Гортензия подхватила пальчиками крошки и отправила в рот.
— От пирога толстеют…
— Ну, тебе-то это не грозит, — улыбнулась ей Жозефина.
— Мам, если хочешь быть худой, нужно следить за собой постоянно.
— Да, кстати, у меня новости от Макса, — пробурчал Гэри с набитым ртом. — Он вернулся в Париж и живет у матери. Овечки его достали!
— Он опять ходит в школу?
— Нет. Ему уже больше шестнадцати, он не обязан туда ходить…
— И чем же он занимается? — беспокойно спросил Жозефина.
— Болтается…
— Плохо кончит, — поставила диагноз Гортензия. — Он барыжит дурью и играет с мамашей в покер в Интернете.
— А мадам Бартийе?
— Вроде как ее содержит хромуша. Это Макс так его называет, хромушей.
— Макс мог бы стать таким славным мальчиком, — вздохнула Жозефина. — Может, надо было оставить его у себя…
— Если Макс жил бы у нас, я бы сошла с ума! — возразила Гортензия. — Пошли, Гэри, опробуем скутер. Я тебе обещаю, Ширли, все будет нормально.
— Куда вы собираетесь?
— Ирис предложила нам заехать в студию. Там у нее фотосессия для журнала «Элль». Скоро уже начнут. Гэри отвезет меня, и мы немного там побудем. Ирис хочет, чтобы я высказала свое мнение об ее костюмах. Она попросила меня заняться ее имиджем. На следующей неделе мы вместе пойдем по магазинам…
— Не нравится мне все это, ох, не нравится, — проворчала Ширли. — Гэри, будь осторожен, обещаешь? И надень шлем! И чтобы к ужину оба были дома!
Гэри поцеловал мать в лоб, Гортензия махнула рукой Жозефине, и они поспешно ретировались.
— Не хочу, чтобы он ездил на скутере, не хочу… И не нравится мне, что Гортензия вокруг него вьется… Летом, в Шотландии, он ее уже вроде забыл. Не хотелось бы, чтобы вновь началось это наваждение.
— Я махнула на Гортензию рукой. А что ты хочешь: ей скоро шестнадцать, она учится лучше всех в классе, учителя не нахвалятся. Придраться не к чему… И потом, я не знаю, как к ней подступиться. Она становится все более независимой. Забавно, если вдуматься: всего два года назад она была маленькой девочкой…
— Гортензия никогда не была маленькой девочкой, Жози. Не хотелось бы тебя огорчать, но твоя дочь родилась взрослой стервой.
— Давай сменим тему, а не то поссоримся. Ты никогда ее не любила.
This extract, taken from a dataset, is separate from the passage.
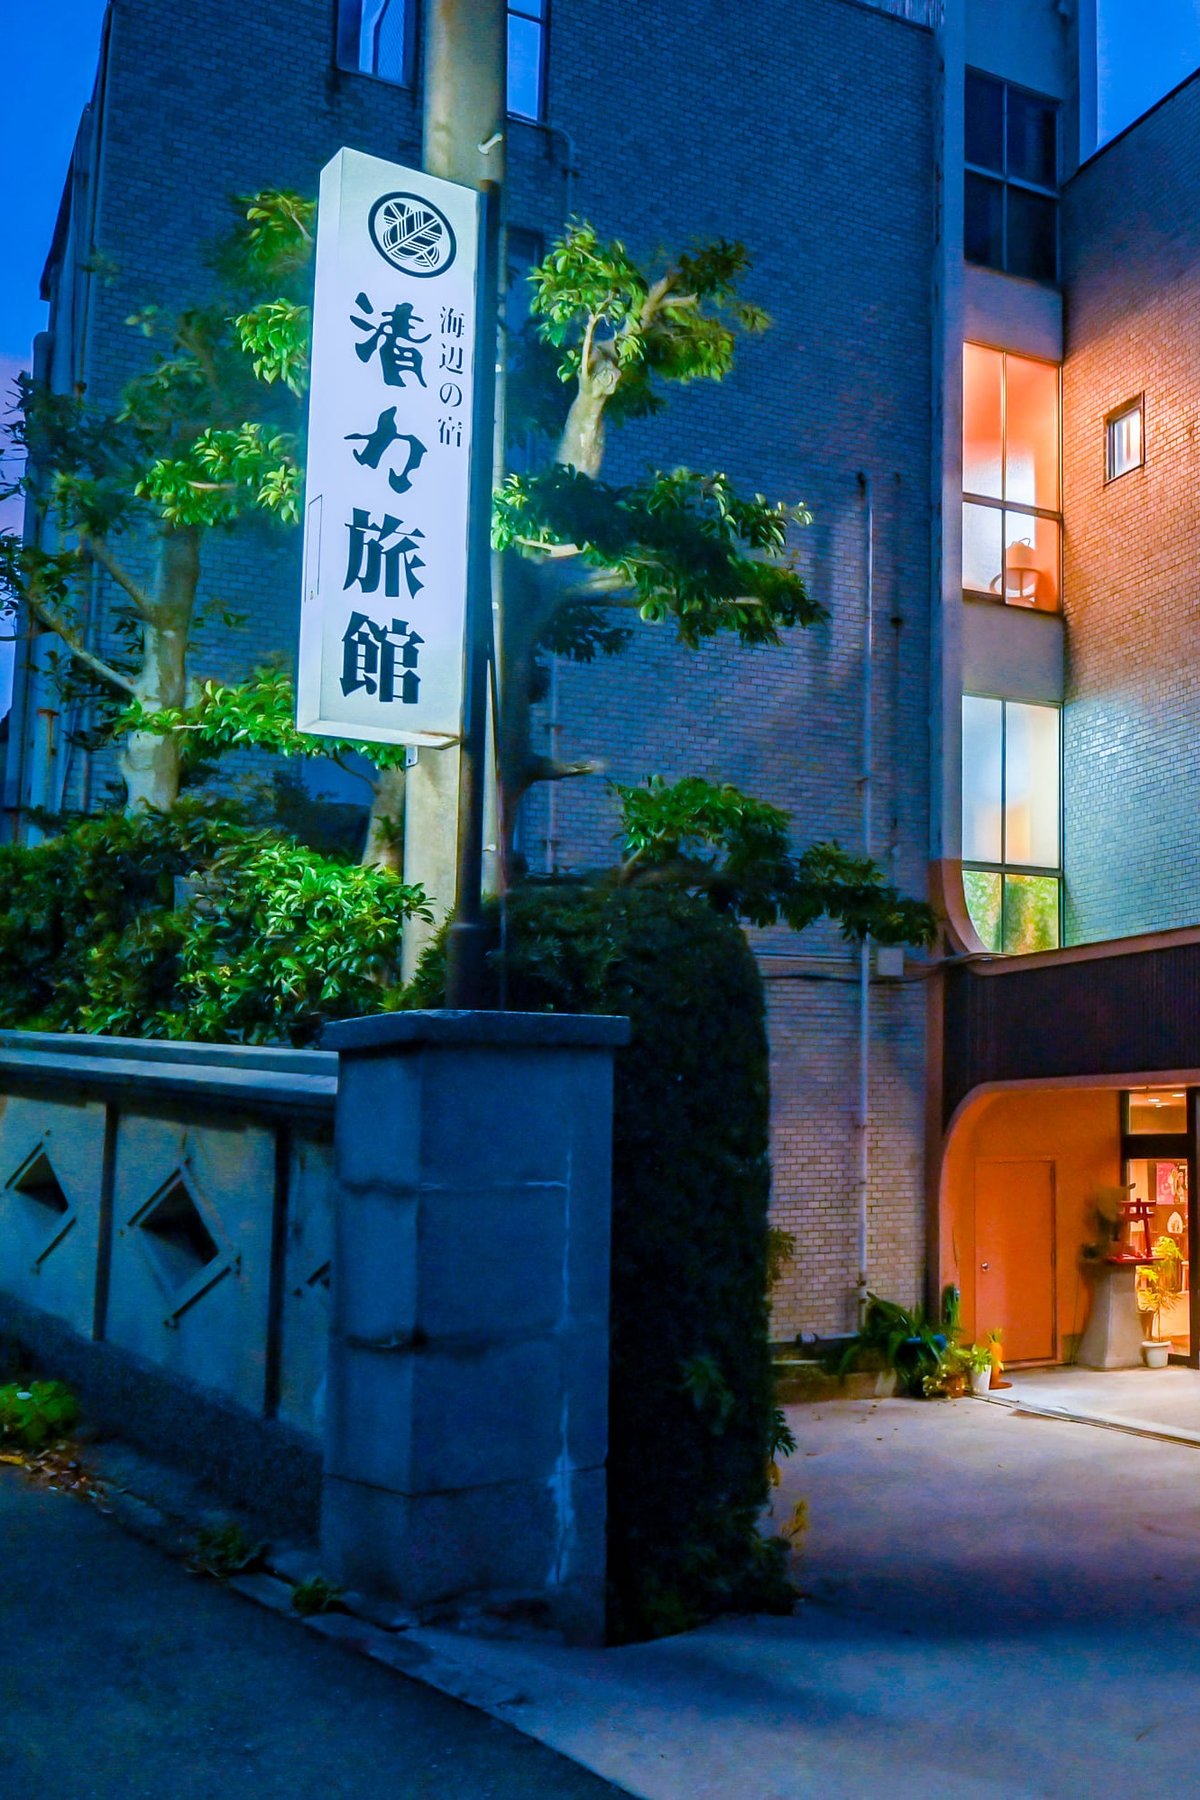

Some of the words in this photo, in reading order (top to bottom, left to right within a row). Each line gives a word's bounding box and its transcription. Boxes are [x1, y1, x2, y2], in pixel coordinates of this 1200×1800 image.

[340, 291, 432, 704] 清力旅館
[438, 305, 465, 448] 海辺の宿
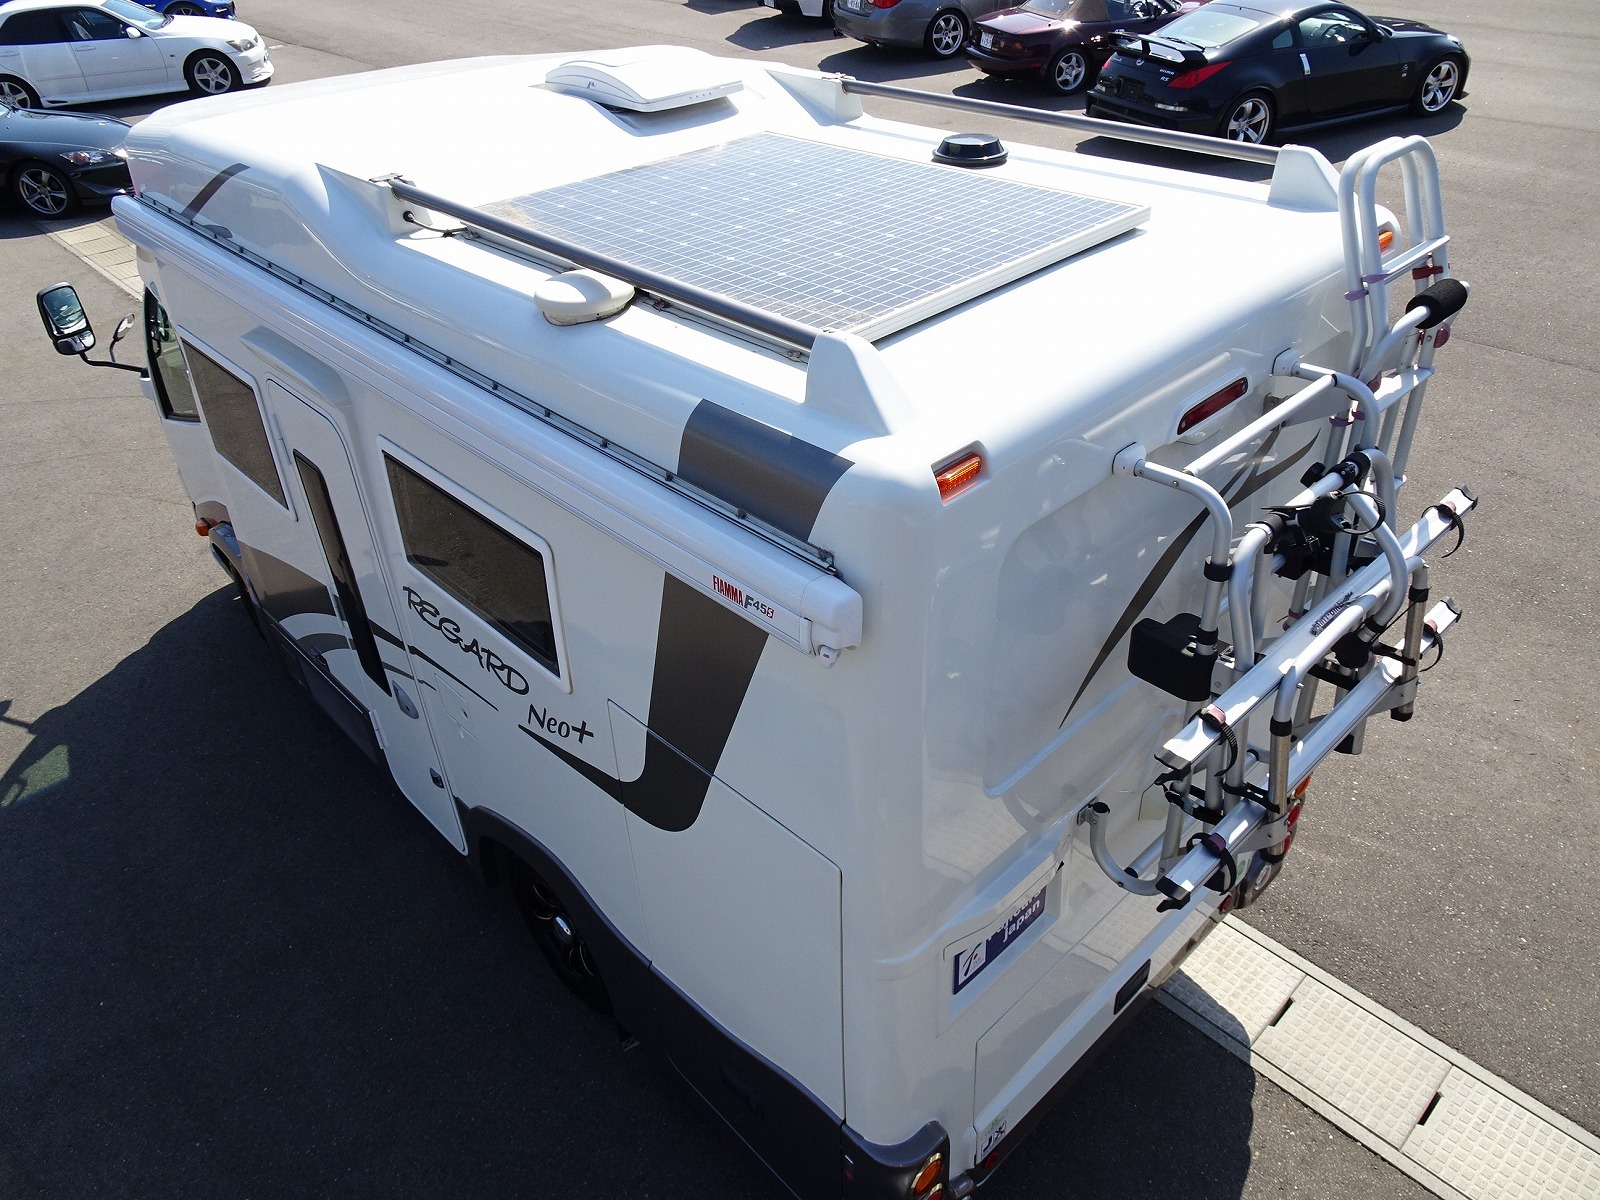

— Почему? Раньше, давно, любила. Но мне не нравится, как она обращается с людьми. Одними она манипулирует, других тиранит, в ней нет ни грамма искренности.
— Да ты о любой девушке, которая имеет отношение к твоему сыну…
— Все. Белый флаг. Перемирие. Поедешь со мной отвозить пироги?
Марсель Гробз — твидовое пальто, шея укутана желтым шотландским шарфом — сидел во дворе на скамейке под глицинией и мрачно разглядывал ее сухие узловатые ветви и сверкающие на них капли дождя. Жозиана пропала. Уже две недели, как она уехала. Наклонилась, подняла сумку и клац-клац, каблучки простучали по лестнице, хлопнула дверь. Клац-клац, каблучки простучали по двору, заскрипели ворота. У него не было сил бежать за ней. Раздавленный горем, он грузно осел на стул возле стола Жозианы и прислушивался к этому цокоту каблуков. С той поры в любую свободную минуту он присаживался — везде, где только можно — и вновь слышал этот безжалостный, решительный стук. Он рвал ему сердце.
Сухой лист отделился от ветки и, кружась, упал к его ногам. Он наклонился, поднял лист, потер его в пальцах. Без Жозианы ему больше не хотелось ни жить, ни бороться. А ему Бог знает как сейчас нужны были силы. Он начал самую жестокую, самую главную битву за всю свою карьеру. Для нее, для них обоих, для ребеночка, о котором они столько говорили, которого так желали.